• _GOAL OF THE EXERCISE_: Except for the pictures, output the records in full and exactly.

• _RAW DATA_:

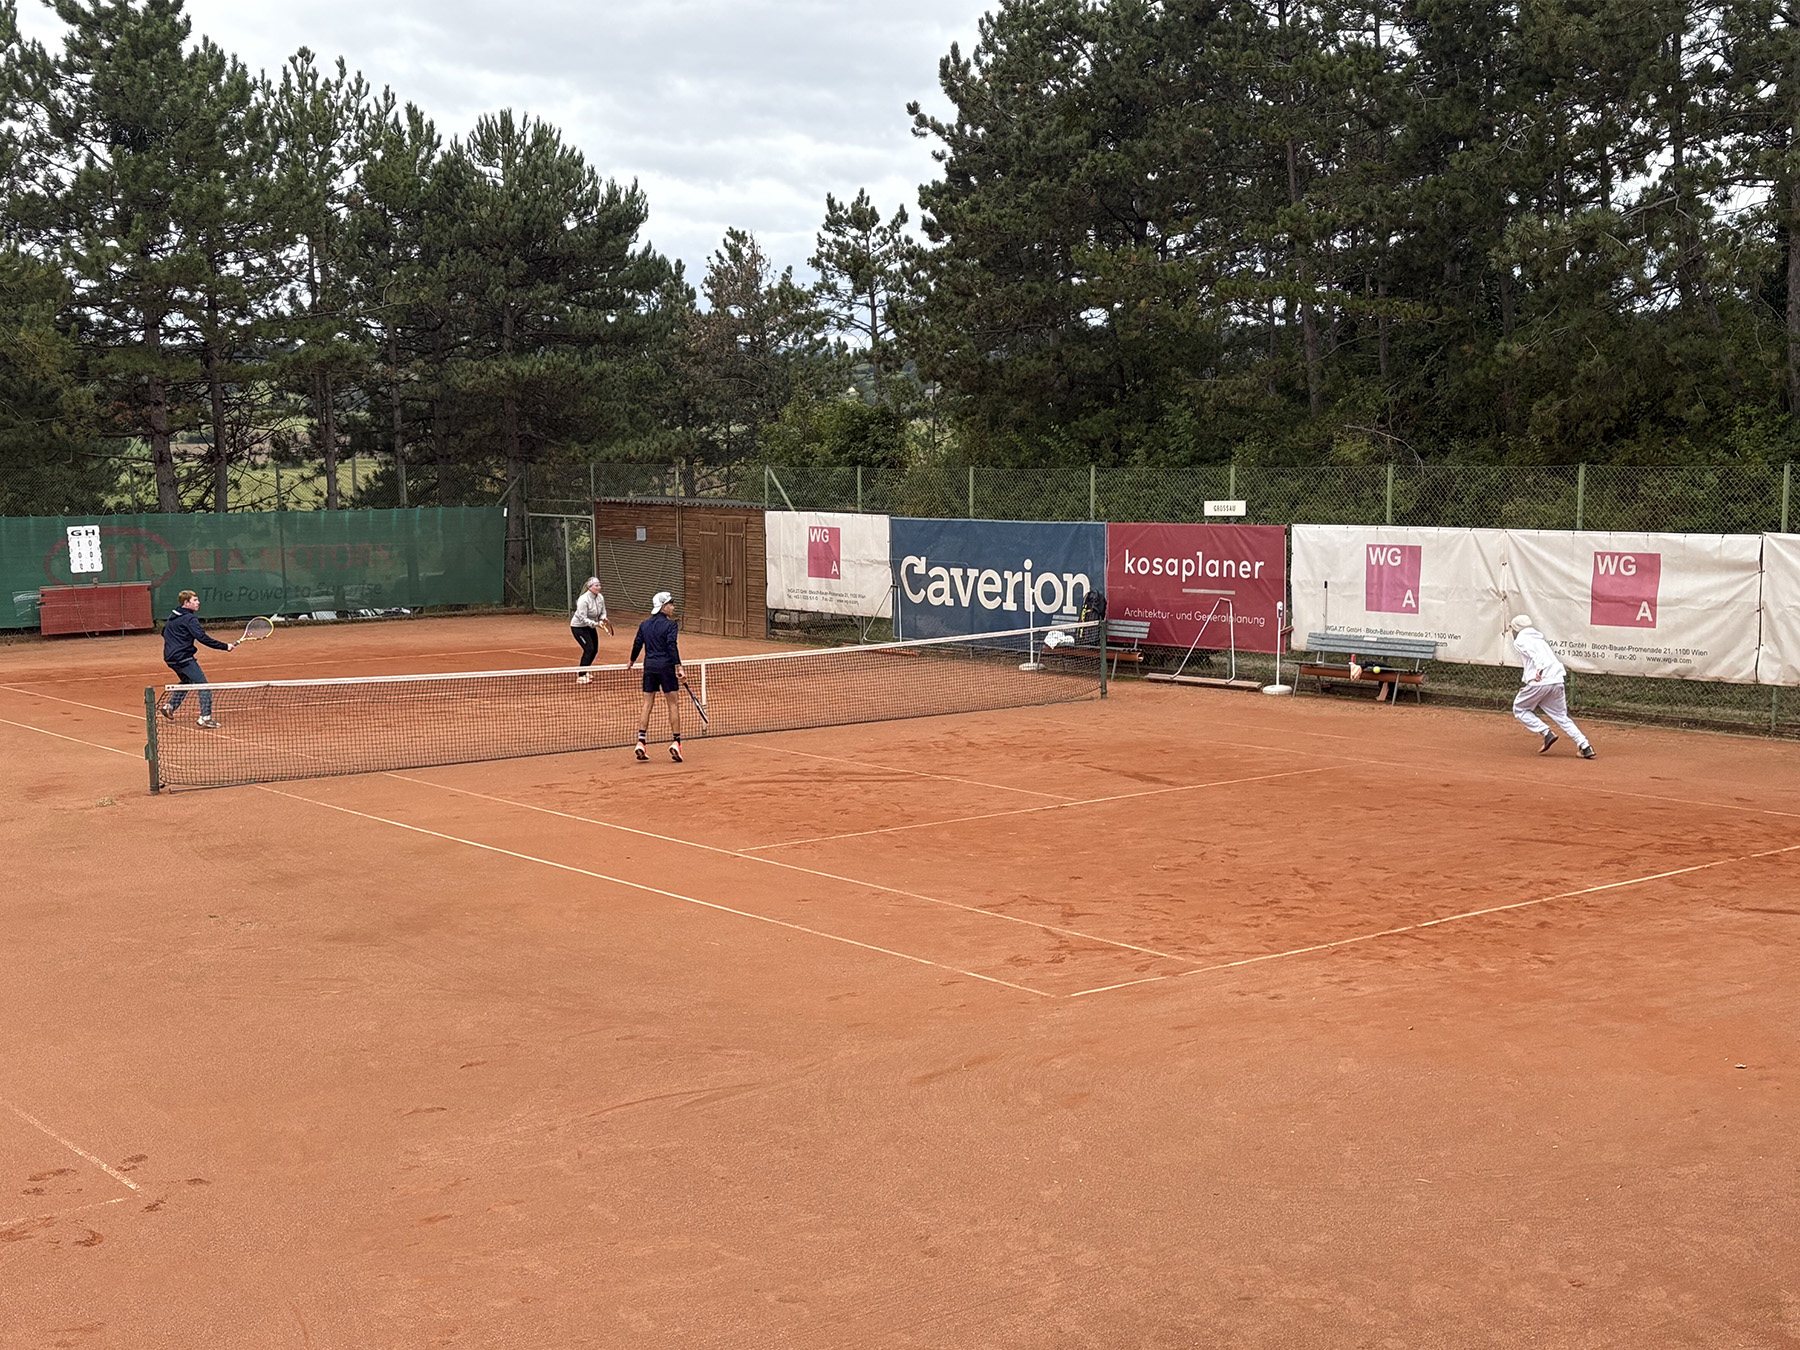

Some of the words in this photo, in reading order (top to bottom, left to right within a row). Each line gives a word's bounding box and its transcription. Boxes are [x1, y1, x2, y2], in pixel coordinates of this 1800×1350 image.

[809, 528, 830, 543] WG
[1125, 549, 1264, 582] kosaplaner
[1368, 547, 1402, 566] WG
[1597, 555, 1637, 576] WG
[831, 561, 839, 575] A
[900, 556, 1091, 614] Caverion
[202, 587, 233, 602] The
[1402, 590, 1416, 608] A
[1124, 607, 1174, 619] Architektur-
[1176, 612, 1192, 621] und
[1194, 611, 1266, 627] Generalplanung
[1636, 601, 1653, 622] A
[1447, 633, 1462, 641] Wien
[1591, 643, 1662, 654] Bloch-Bauer-Promenade
[1675, 648, 1691, 656] 1100
[1691, 648, 1709, 657] Wien
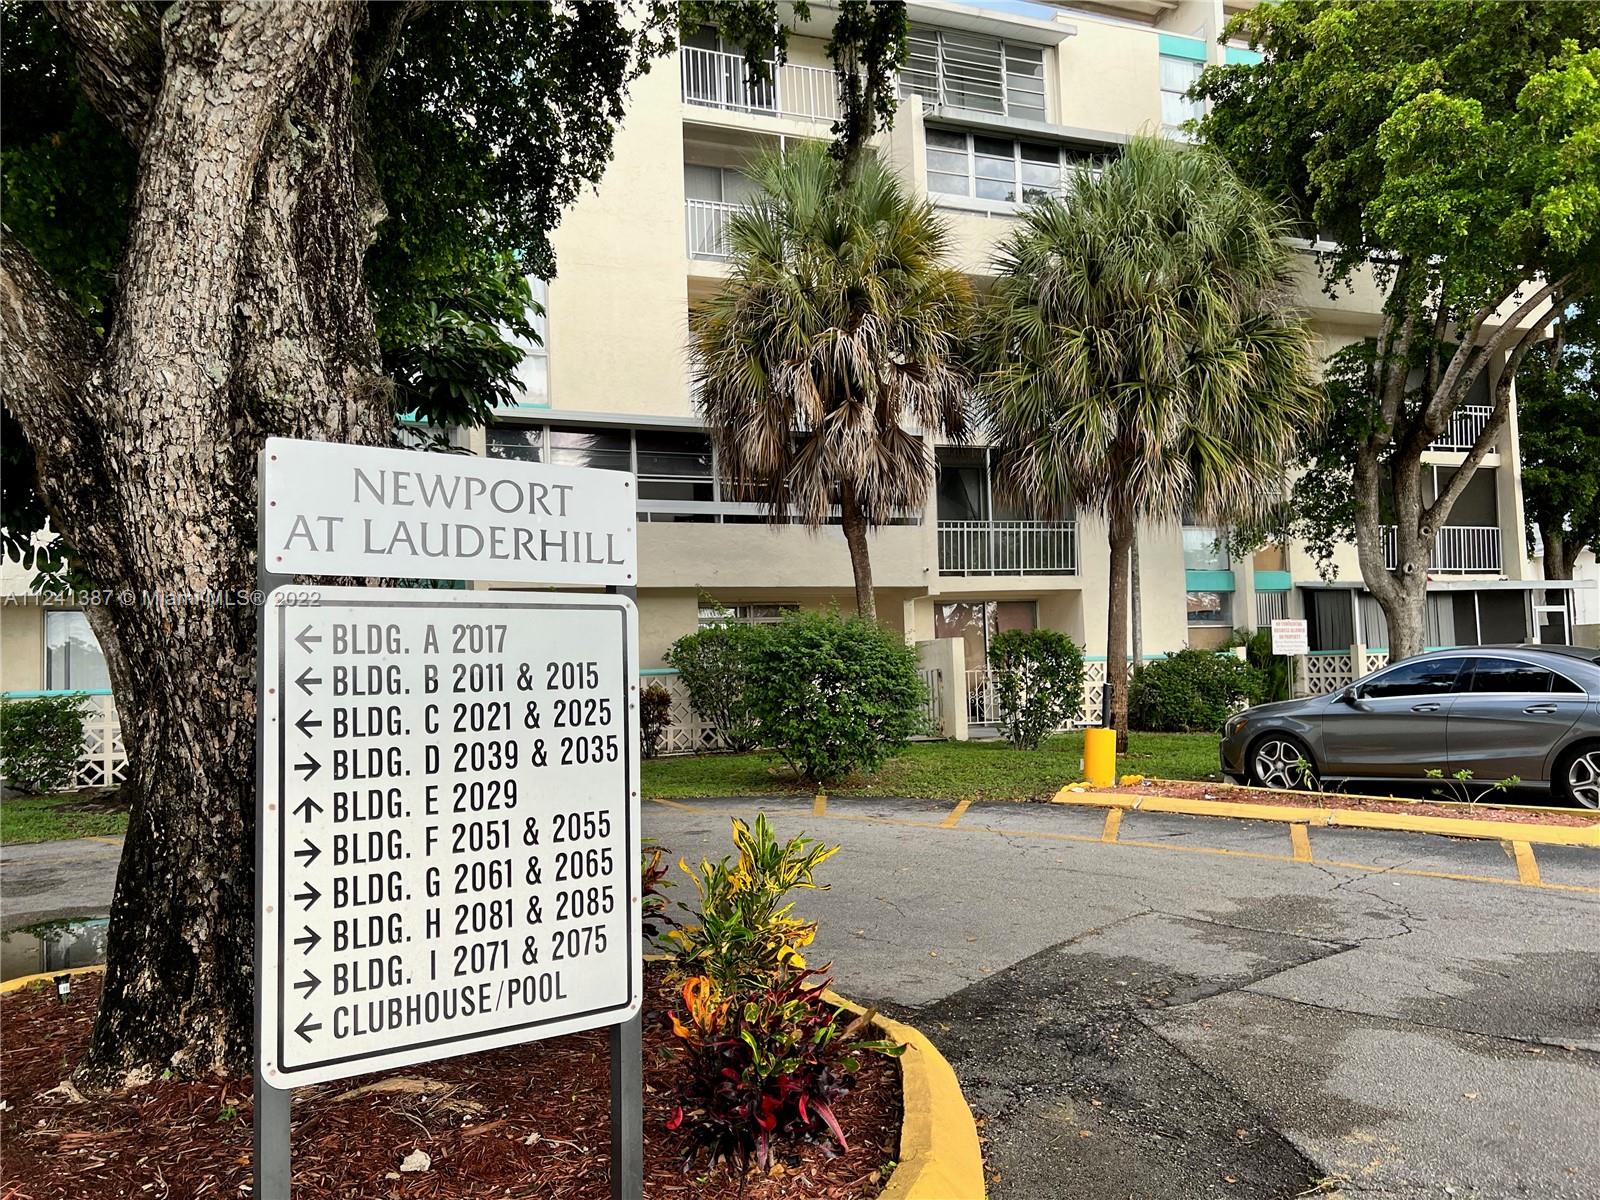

• _ANSWER TO THIS PROBLEM_:
Some of the words in this photo, in reading order (top to bottom, left to right within a row). Each line gives a word's bounding box and its transcription. Boxes are [x1, y1, x2, y2], in pixel coordinates of this 1800×1350 image.

[809, 528, 830, 543] WG
[1125, 549, 1264, 582] kosaplaner
[1368, 547, 1402, 566] WG
[1597, 555, 1637, 576] WG
[831, 561, 839, 575] A
[900, 556, 1091, 614] Caverion
[202, 587, 233, 602] The
[1402, 590, 1416, 608] A
[1124, 607, 1174, 619] Architektur-
[1176, 612, 1192, 621] und
[1194, 611, 1266, 627] Generalplanung
[1636, 601, 1653, 622] A
[1447, 633, 1462, 641] Wien
[1591, 643, 1662, 654] Bloch-Bauer-Promenade
[1675, 648, 1691, 656] 1100
[1691, 648, 1709, 657] Wien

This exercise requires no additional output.